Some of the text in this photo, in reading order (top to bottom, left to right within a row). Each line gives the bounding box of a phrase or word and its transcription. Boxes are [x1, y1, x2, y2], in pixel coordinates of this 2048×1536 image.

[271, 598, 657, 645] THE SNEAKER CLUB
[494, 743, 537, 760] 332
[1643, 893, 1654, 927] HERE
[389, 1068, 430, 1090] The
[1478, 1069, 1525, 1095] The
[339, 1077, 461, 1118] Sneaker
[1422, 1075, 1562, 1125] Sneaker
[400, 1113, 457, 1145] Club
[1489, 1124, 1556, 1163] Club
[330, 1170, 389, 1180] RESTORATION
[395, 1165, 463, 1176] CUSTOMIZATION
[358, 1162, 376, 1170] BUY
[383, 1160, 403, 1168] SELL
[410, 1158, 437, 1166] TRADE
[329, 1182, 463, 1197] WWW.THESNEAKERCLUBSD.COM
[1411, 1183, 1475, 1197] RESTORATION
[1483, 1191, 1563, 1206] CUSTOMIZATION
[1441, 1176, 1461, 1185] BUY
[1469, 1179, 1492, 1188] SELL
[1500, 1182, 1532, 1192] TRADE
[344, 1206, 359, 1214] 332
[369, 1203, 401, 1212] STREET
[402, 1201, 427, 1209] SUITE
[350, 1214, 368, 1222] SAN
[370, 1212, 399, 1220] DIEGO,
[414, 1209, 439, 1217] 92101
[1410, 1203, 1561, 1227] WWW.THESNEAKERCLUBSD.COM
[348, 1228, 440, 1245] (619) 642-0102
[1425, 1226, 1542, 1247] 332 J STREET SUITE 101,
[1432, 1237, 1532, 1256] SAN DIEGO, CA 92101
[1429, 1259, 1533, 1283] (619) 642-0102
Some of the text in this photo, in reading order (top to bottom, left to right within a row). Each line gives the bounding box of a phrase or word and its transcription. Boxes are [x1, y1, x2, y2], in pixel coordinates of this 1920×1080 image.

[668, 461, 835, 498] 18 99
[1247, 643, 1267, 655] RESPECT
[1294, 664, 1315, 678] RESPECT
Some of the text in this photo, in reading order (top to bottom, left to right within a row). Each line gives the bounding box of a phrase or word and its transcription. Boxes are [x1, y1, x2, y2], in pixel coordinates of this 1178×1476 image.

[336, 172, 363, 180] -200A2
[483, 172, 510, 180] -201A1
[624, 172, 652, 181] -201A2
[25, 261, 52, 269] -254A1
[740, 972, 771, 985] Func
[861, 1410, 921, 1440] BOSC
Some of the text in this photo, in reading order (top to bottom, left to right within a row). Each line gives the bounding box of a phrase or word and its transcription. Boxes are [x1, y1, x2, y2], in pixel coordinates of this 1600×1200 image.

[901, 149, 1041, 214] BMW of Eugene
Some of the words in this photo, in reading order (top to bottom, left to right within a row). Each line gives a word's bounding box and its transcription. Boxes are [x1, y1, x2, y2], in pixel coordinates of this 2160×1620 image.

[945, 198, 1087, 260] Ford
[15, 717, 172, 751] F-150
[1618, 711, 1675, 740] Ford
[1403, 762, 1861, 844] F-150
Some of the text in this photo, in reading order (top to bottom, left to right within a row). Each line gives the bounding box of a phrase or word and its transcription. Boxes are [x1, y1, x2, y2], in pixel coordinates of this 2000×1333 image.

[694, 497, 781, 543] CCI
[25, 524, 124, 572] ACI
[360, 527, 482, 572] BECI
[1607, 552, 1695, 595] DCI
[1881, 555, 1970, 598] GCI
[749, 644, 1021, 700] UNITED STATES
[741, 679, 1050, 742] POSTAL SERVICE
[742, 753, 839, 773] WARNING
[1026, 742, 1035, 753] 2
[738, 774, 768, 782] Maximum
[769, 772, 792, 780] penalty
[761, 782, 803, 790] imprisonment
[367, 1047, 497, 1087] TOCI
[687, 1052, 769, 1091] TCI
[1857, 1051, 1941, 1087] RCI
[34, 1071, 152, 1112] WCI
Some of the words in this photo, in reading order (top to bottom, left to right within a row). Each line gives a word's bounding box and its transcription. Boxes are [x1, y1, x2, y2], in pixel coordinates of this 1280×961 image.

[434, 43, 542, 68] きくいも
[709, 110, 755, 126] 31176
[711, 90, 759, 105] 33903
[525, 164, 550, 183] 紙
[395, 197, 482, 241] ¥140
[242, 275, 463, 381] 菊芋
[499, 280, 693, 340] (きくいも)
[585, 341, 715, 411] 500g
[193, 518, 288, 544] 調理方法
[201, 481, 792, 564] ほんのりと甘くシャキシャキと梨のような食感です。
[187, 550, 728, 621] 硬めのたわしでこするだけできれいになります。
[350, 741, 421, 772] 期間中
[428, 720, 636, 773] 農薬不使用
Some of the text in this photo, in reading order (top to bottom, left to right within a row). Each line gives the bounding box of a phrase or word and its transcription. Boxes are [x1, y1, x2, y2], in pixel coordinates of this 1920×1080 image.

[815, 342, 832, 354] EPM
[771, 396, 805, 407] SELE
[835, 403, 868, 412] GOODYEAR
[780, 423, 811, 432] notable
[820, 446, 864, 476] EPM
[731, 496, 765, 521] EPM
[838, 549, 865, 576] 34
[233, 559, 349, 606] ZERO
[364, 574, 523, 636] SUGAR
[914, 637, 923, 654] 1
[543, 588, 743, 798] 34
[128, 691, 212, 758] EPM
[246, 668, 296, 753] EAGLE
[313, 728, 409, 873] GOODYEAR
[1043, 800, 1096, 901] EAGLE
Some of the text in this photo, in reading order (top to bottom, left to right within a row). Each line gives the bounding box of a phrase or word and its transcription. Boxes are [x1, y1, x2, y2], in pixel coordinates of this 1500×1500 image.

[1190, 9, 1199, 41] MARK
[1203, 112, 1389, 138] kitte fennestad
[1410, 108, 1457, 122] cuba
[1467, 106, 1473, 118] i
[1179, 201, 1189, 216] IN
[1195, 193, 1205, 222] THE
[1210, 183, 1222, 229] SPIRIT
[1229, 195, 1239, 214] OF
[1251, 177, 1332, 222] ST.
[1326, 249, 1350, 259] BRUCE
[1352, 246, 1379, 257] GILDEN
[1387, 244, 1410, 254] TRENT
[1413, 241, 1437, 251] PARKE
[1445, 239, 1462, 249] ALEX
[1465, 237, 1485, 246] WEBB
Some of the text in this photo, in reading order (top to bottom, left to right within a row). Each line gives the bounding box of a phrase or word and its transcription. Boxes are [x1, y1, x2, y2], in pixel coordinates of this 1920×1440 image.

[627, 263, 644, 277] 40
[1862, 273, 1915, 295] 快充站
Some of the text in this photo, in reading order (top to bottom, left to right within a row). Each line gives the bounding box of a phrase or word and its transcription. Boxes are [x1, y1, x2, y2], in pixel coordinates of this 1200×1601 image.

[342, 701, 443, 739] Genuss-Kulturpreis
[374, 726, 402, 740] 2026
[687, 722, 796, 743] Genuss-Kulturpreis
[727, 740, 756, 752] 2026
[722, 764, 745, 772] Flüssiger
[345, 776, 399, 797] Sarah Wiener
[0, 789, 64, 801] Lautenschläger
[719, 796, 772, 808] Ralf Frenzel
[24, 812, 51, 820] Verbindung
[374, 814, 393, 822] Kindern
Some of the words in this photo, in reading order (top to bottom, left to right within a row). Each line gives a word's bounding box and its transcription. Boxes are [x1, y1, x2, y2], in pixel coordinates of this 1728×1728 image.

+ + +

- TASK TO CARRY OUT -
Using the listing above, print every entry exactly.

- SOLUTION -
Some of the text in this photo, in reading order (top to bottom, left to right within a row). Each line gives the bounding box of a phrase or word and its transcription. Boxes are [x1, y1, x2, y2], in pixel coordinates of this 2048×1536 image.

[271, 598, 657, 645] THE SNEAKER CLUB
[494, 743, 537, 760] 332
[1643, 893, 1654, 927] HERE
[389, 1068, 430, 1090] The
[1478, 1069, 1525, 1095] The
[339, 1077, 461, 1118] Sneaker
[1422, 1075, 1562, 1125] Sneaker
[400, 1113, 457, 1145] Club
[1489, 1124, 1556, 1163] Club
[330, 1170, 389, 1180] RESTORATION
[395, 1165, 463, 1176] CUSTOMIZATION
[358, 1162, 376, 1170] BUY
[383, 1160, 403, 1168] SELL
[410, 1158, 437, 1166] TRADE
[329, 1182, 463, 1197] WWW.THESNEAKERCLUBSD.COM
[1411, 1183, 1475, 1197] RESTORATION
[1483, 1191, 1563, 1206] CUSTOMIZATION
[1441, 1176, 1461, 1185] BUY
[1469, 1179, 1492, 1188] SELL
[1500, 1182, 1532, 1192] TRADE
[344, 1206, 359, 1214] 332
[369, 1203, 401, 1212] STREET
[402, 1201, 427, 1209] SUITE
[350, 1214, 368, 1222] SAN
[370, 1212, 399, 1220] DIEGO,
[414, 1209, 439, 1217] 92101
[1410, 1203, 1561, 1227] WWW.THESNEAKERCLUBSD.COM
[348, 1228, 440, 1245] (619) 642-0102
[1425, 1226, 1542, 1247] 332 J STREET SUITE 101,
[1432, 1237, 1532, 1256] SAN DIEGO, CA 92101
[1429, 1259, 1533, 1283] (619) 642-0102
Some of the text in this photo, in reading order (top to bottom, left to right within a row). Each line gives the bounding box of a phrase or word and its transcription. Boxes are [x1, y1, x2, y2], in pixel coordinates of this 1920×1080 image.

[668, 461, 835, 498] 18 99
[1247, 643, 1267, 655] RESPECT
[1294, 664, 1315, 678] RESPECT
Some of the text in this photo, in reading order (top to bottom, left to right within a row). Each line gives the bounding box of a phrase or word and its transcription. Boxes are [x1, y1, x2, y2], in pixel coordinates of this 1178×1476 image.

[336, 172, 363, 180] -200A2
[483, 172, 510, 180] -201A1
[624, 172, 652, 181] -201A2
[25, 261, 52, 269] -254A1
[740, 972, 771, 985] Func
[861, 1410, 921, 1440] BOSC
Some of the text in this photo, in reading order (top to bottom, left to right within a row). Each line gives the bounding box of a phrase or word and its transcription. Boxes are [x1, y1, x2, y2], in pixel coordinates of this 1600×1200 image.

[901, 149, 1041, 214] BMW of Eugene
Some of the words in this photo, in reading order (top to bottom, left to right within a row). Each line gives a word's bounding box and its transcription. Boxes are [x1, y1, x2, y2], in pixel coordinates of this 2160×1620 image.

[945, 198, 1087, 260] Ford
[15, 717, 172, 751] F-150
[1618, 711, 1675, 740] Ford
[1403, 762, 1861, 844] F-150
Some of the text in this photo, in reading order (top to bottom, left to right within a row). Each line gives the bounding box of a phrase or word and its transcription. Boxes are [x1, y1, x2, y2], in pixel coordinates of this 2000×1333 image.

[694, 497, 781, 543] CCI
[25, 524, 124, 572] ACI
[360, 527, 482, 572] BECI
[1607, 552, 1695, 595] DCI
[1881, 555, 1970, 598] GCI
[749, 644, 1021, 700] UNITED STATES
[741, 679, 1050, 742] POSTAL SERVICE
[742, 753, 839, 773] WARNING
[1026, 742, 1035, 753] 2
[738, 774, 768, 782] Maximum
[769, 772, 792, 780] penalty
[761, 782, 803, 790] imprisonment
[367, 1047, 497, 1087] TOCI
[687, 1052, 769, 1091] TCI
[1857, 1051, 1941, 1087] RCI
[34, 1071, 152, 1112] WCI
Some of the words in this photo, in reading order (top to bottom, left to right within a row). Each line gives a word's bounding box and its transcription. Boxes are [x1, y1, x2, y2], in pixel coordinates of this 1280×961 image.

[434, 43, 542, 68] きくいも
[709, 110, 755, 126] 31176
[711, 90, 759, 105] 33903
[525, 164, 550, 183] 紙
[395, 197, 482, 241] ¥140
[242, 275, 463, 381] 菊芋
[499, 280, 693, 340] (きくいも)
[585, 341, 715, 411] 500g
[193, 518, 288, 544] 調理方法
[201, 481, 792, 564] ほんのりと甘くシャキシャキと梨のような食感です。
[187, 550, 728, 621] 硬めのたわしでこするだけできれいになります。
[350, 741, 421, 772] 期間中
[428, 720, 636, 773] 農薬不使用
Some of the text in this photo, in reading order (top to bottom, left to right within a row). Each line gives the bounding box of a phrase or word and its transcription. Boxes are [x1, y1, x2, y2], in pixel coordinates of this 1920×1080 image.

[815, 342, 832, 354] EPM
[771, 396, 805, 407] SELE
[835, 403, 868, 412] GOODYEAR
[780, 423, 811, 432] notable
[820, 446, 864, 476] EPM
[731, 496, 765, 521] EPM
[838, 549, 865, 576] 34
[233, 559, 349, 606] ZERO
[364, 574, 523, 636] SUGAR
[914, 637, 923, 654] 1
[543, 588, 743, 798] 34
[128, 691, 212, 758] EPM
[246, 668, 296, 753] EAGLE
[313, 728, 409, 873] GOODYEAR
[1043, 800, 1096, 901] EAGLE
Some of the text in this photo, in reading order (top to bottom, left to right within a row). Each line gives the bounding box of a phrase or word and its transcription. Boxes are [x1, y1, x2, y2], in pixel coordinates of this 1500×1500 image.

[1190, 9, 1199, 41] MARK
[1203, 112, 1389, 138] kitte fennestad
[1410, 108, 1457, 122] cuba
[1467, 106, 1473, 118] i
[1179, 201, 1189, 216] IN
[1195, 193, 1205, 222] THE
[1210, 183, 1222, 229] SPIRIT
[1229, 195, 1239, 214] OF
[1251, 177, 1332, 222] ST.
[1326, 249, 1350, 259] BRUCE
[1352, 246, 1379, 257] GILDEN
[1387, 244, 1410, 254] TRENT
[1413, 241, 1437, 251] PARKE
[1445, 239, 1462, 249] ALEX
[1465, 237, 1485, 246] WEBB
Some of the text in this photo, in reading order (top to bottom, left to right within a row). Each line gives the bounding box of a phrase or word and its transcription. Boxes are [x1, y1, x2, y2], in pixel coordinates of this 1920×1440 image.

[627, 263, 644, 277] 40
[1862, 273, 1915, 295] 快充站
Some of the text in this photo, in reading order (top to bottom, left to right within a row). Each line gives the bounding box of a phrase or word and its transcription. Boxes are [x1, y1, x2, y2], in pixel coordinates of this 1200×1601 image.

[342, 701, 443, 739] Genuss-Kulturpreis
[374, 726, 402, 740] 2026
[687, 722, 796, 743] Genuss-Kulturpreis
[727, 740, 756, 752] 2026
[722, 764, 745, 772] Flüssiger
[345, 776, 399, 797] Sarah Wiener
[0, 789, 64, 801] Lautenschläger
[719, 796, 772, 808] Ralf Frenzel
[24, 812, 51, 820] Verbindung
[374, 814, 393, 822] Kindern
Some of the words in this photo, in reading order (top to bottom, left to right within a row). Each line gives a word's bounding box and its transcription. Boxes are [x1, y1, x2, y2], in pixel coordinates of this 1728×1728 image.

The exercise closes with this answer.